"""

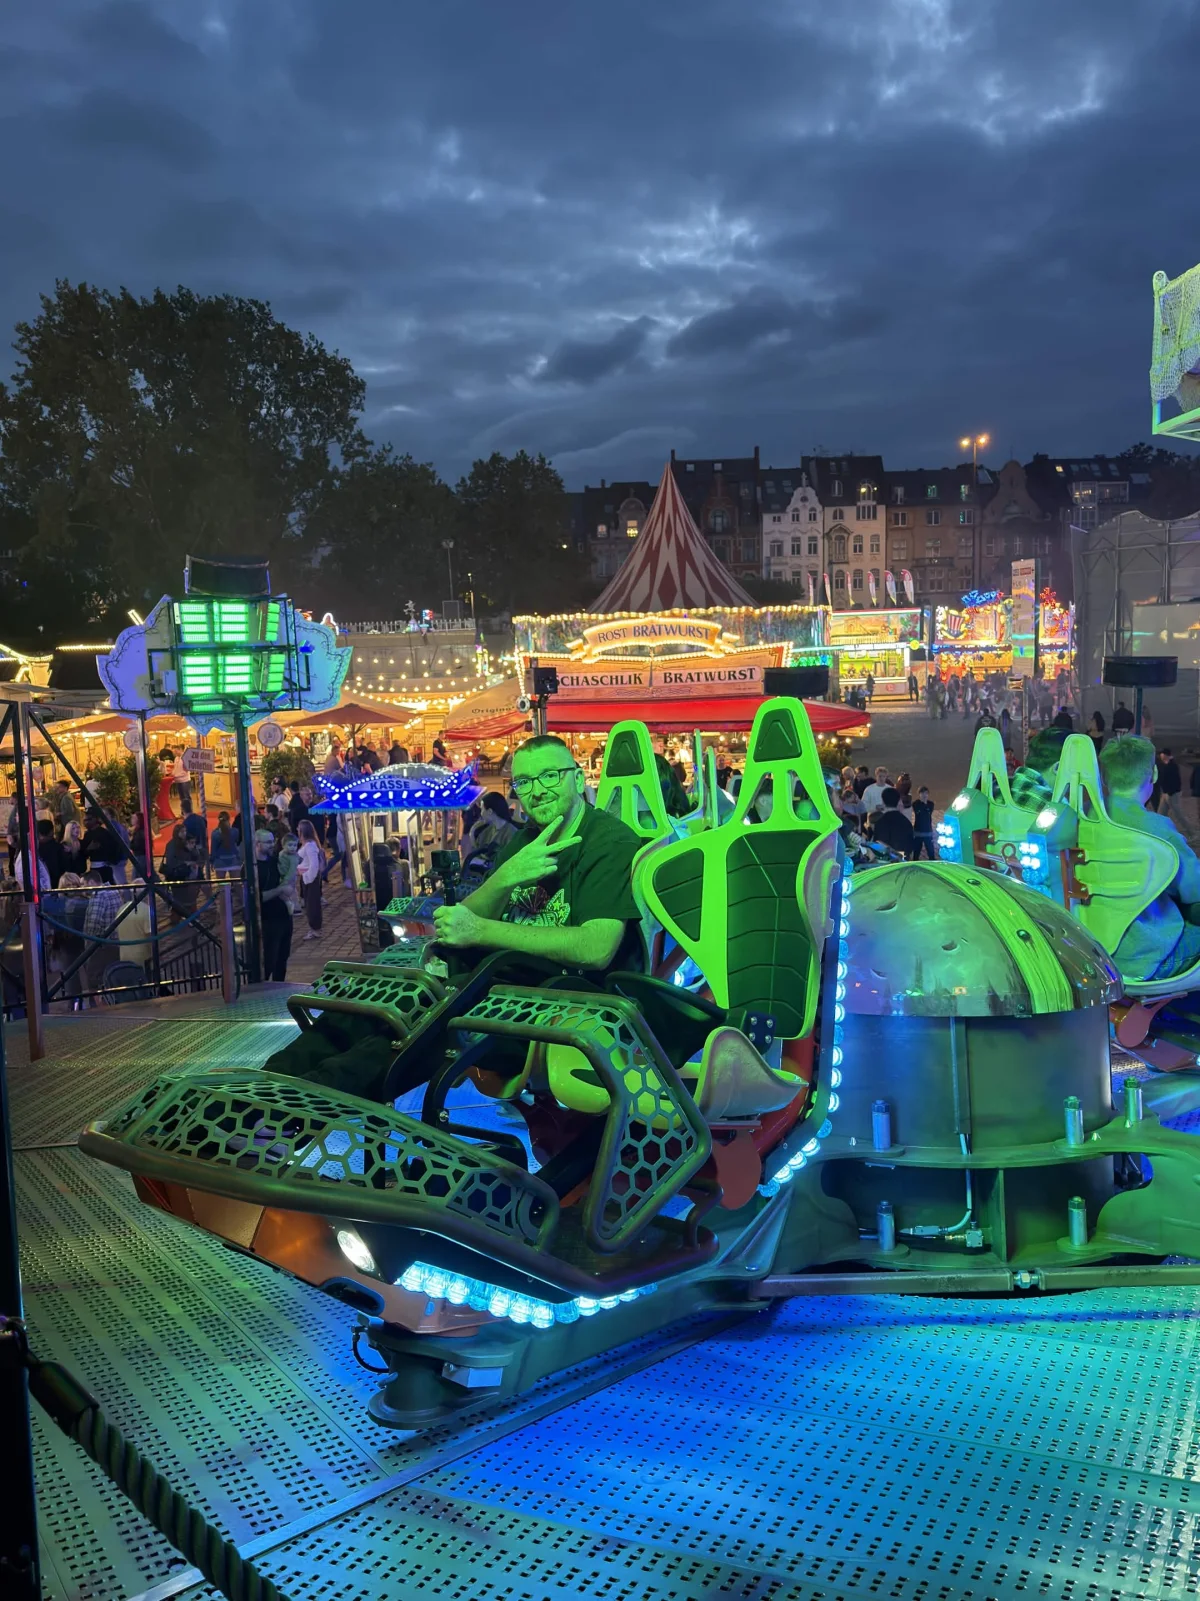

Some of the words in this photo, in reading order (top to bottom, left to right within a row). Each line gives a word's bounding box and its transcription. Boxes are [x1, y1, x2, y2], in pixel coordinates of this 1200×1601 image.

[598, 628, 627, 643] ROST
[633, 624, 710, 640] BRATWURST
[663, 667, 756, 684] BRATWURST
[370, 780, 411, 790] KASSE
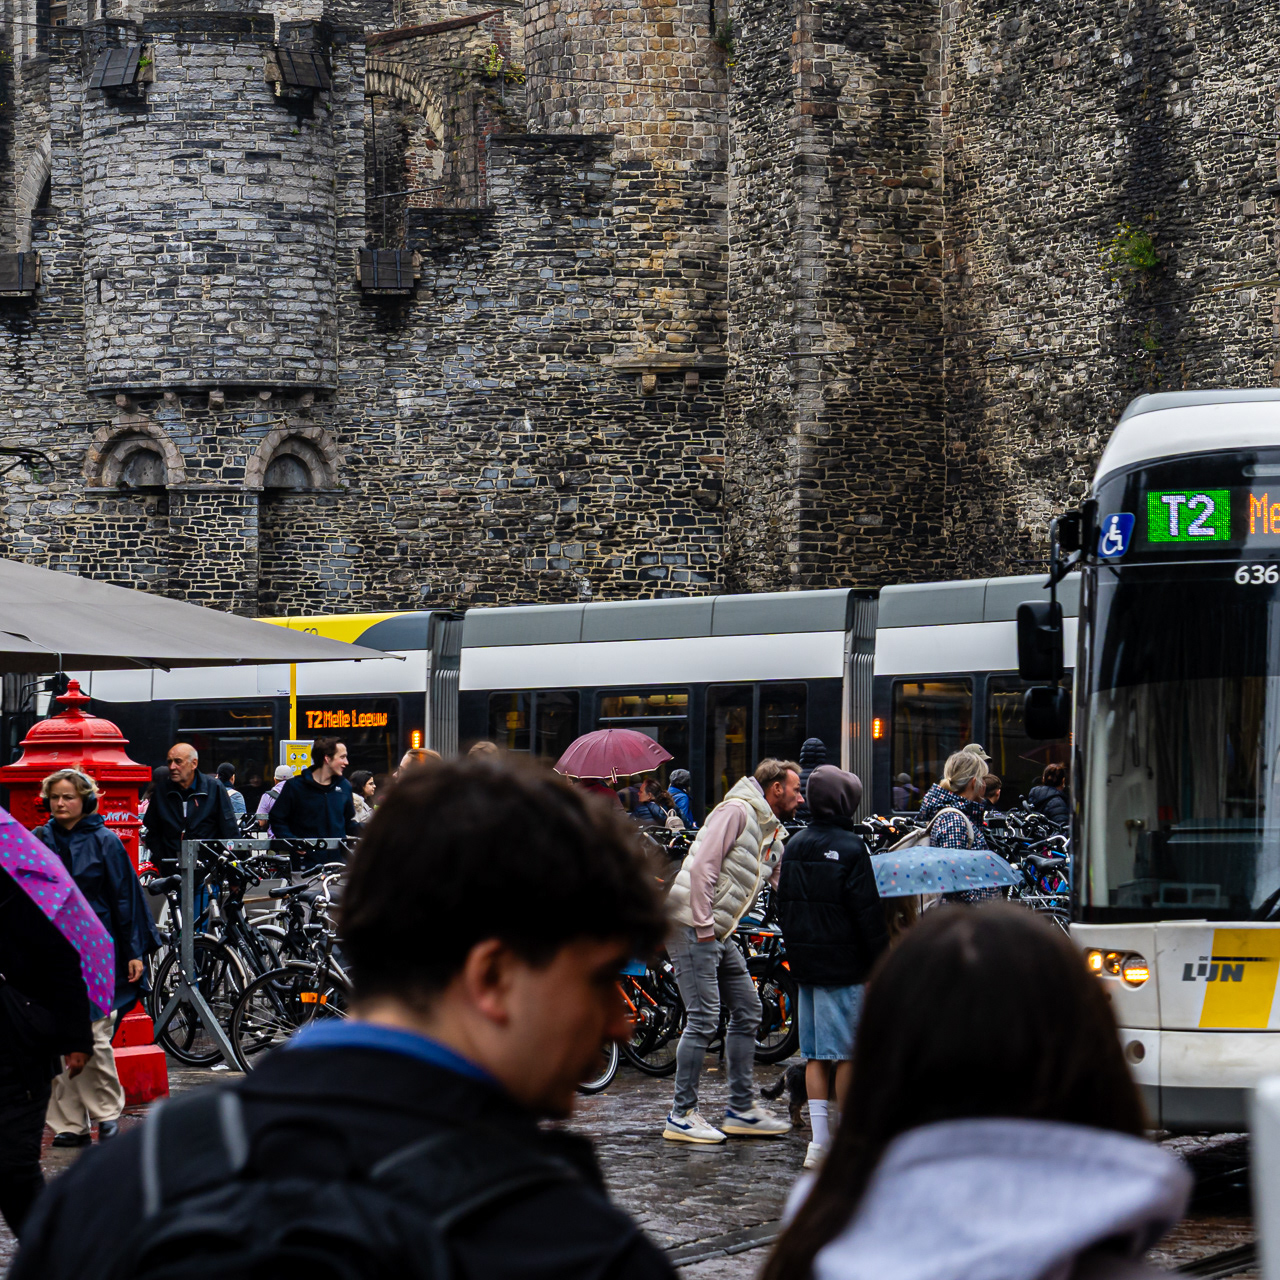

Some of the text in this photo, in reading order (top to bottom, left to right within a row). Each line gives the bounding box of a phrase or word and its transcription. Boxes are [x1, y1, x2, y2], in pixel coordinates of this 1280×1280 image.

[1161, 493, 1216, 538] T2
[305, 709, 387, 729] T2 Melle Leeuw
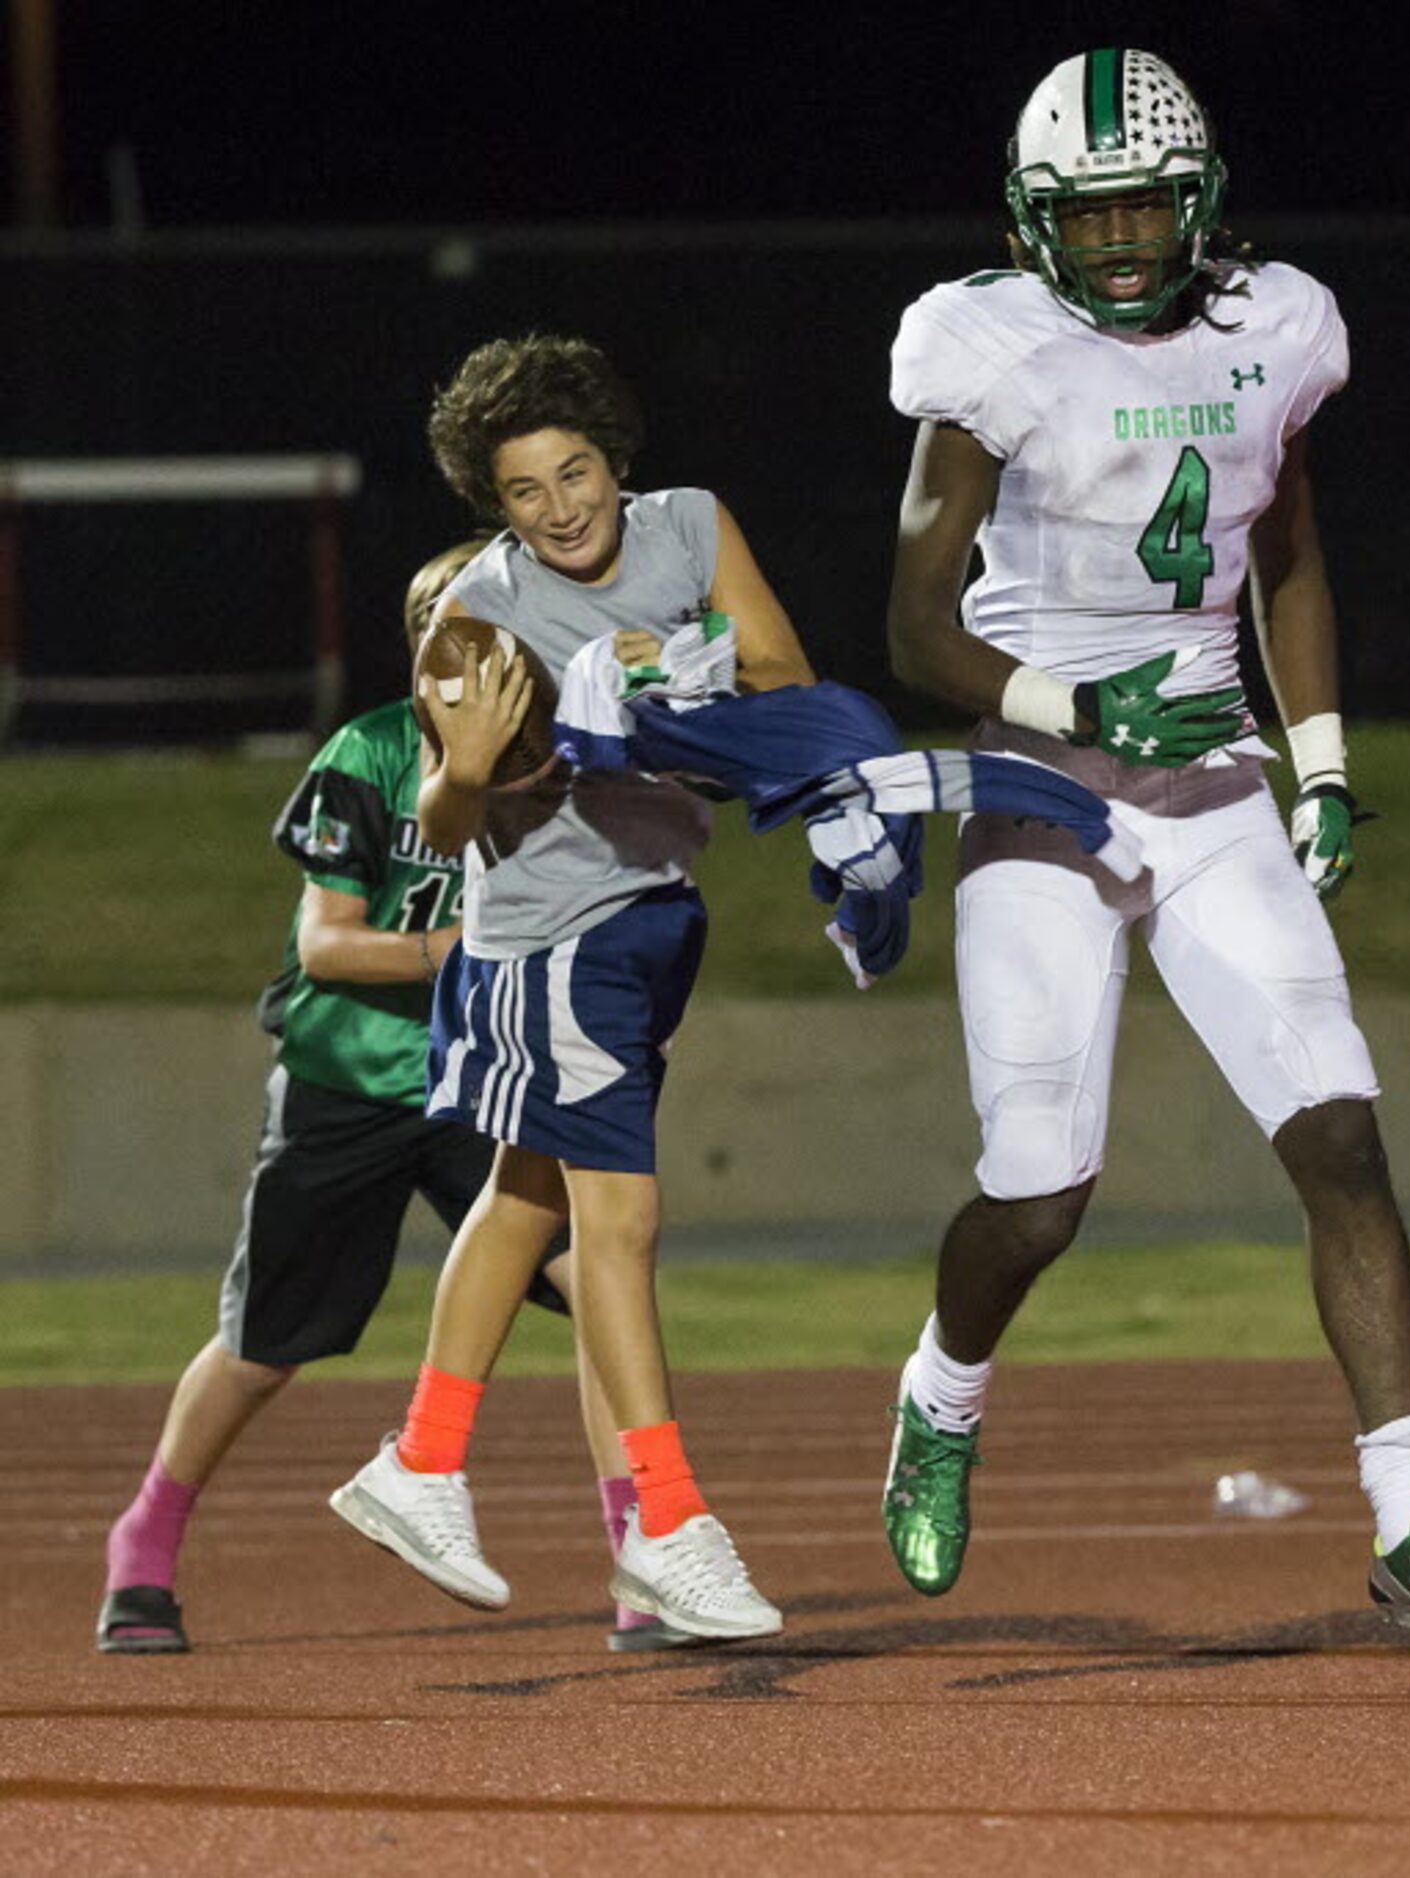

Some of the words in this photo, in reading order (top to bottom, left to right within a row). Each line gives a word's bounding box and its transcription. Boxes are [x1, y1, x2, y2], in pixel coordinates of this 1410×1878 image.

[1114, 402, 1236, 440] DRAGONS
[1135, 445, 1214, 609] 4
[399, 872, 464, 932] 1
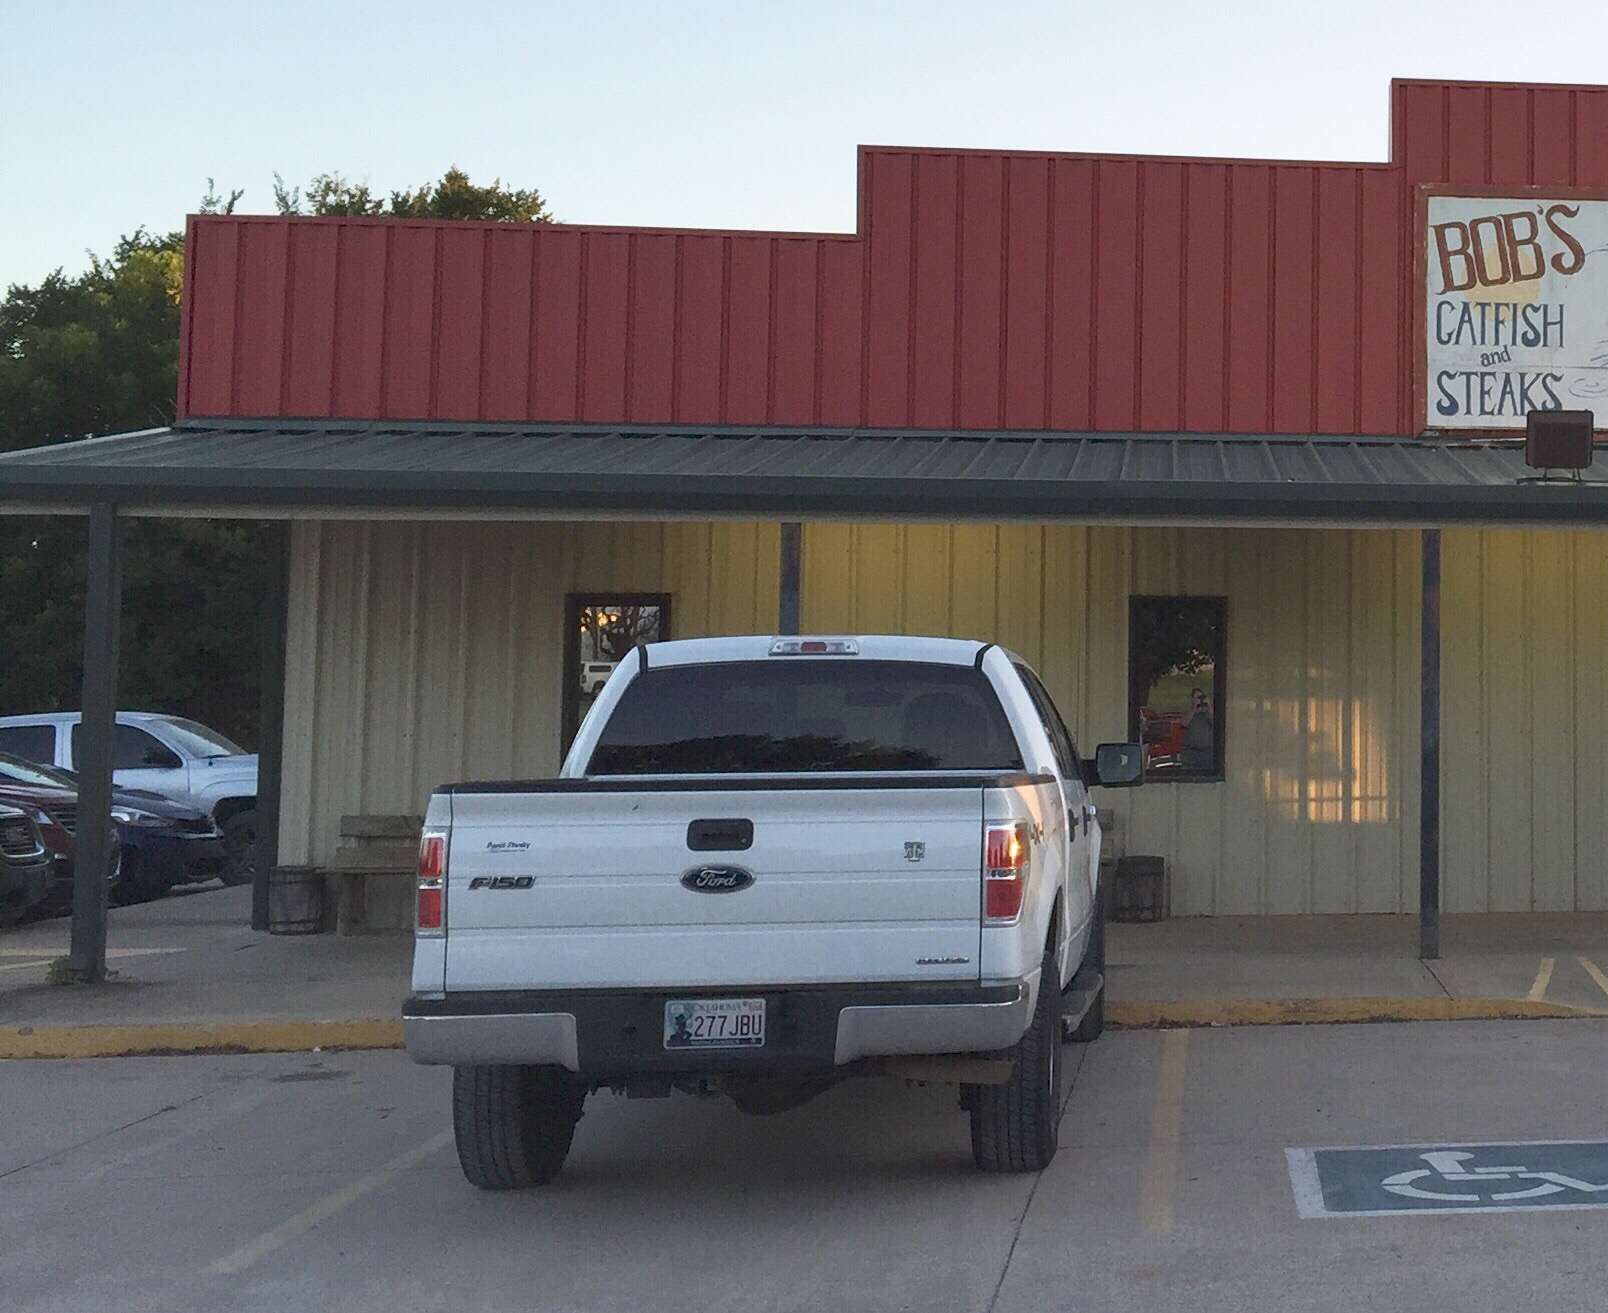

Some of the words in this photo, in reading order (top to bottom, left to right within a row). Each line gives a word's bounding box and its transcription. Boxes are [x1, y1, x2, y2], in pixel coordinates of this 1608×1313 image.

"""

— Try it —
Type the entries again verbatim. Any pictures should be skipped.

— Your solution —
Some of the words in this photo, in reading order (top to bottom, left to right within a row). Each line gives a word's bounding box and its transcription. Boxes are [x1, y1, x2, y2], in pixel coordinates of this 1200×1601 image.

[598, 628, 627, 643] ROST
[633, 624, 710, 640] BRATWURST
[663, 667, 756, 684] BRATWURST
[370, 780, 411, 790] KASSE

Some of the text in this photo, in reading order (top to bottom, left to right within a row). Each line gives the bounding box of a phrase or word and its transcription. Boxes are [x1, y1, x2, y2], in pixel coordinates of this 1280×1280 image.

[1161, 493, 1216, 538] T2
[305, 709, 387, 729] T2 Melle Leeuw

Some of the words in this photo, in reading order (top to bottom, left to right within a row). Each line gives a word's bounding box and its transcription. Boxes are [x1, y1, x2, y2], in pixel coordinates of this 1410×1878 image.

[1114, 402, 1236, 440] DRAGONS
[1135, 445, 1214, 609] 4
[399, 872, 464, 932] 1

Some of the words in this photo, in reading order (top to bottom, left to right within a row). Each line gives a word's bounding box and its transcription. Boxes are [x1, y1, x2, y2], in pixel coordinates of this 1608×1313 image.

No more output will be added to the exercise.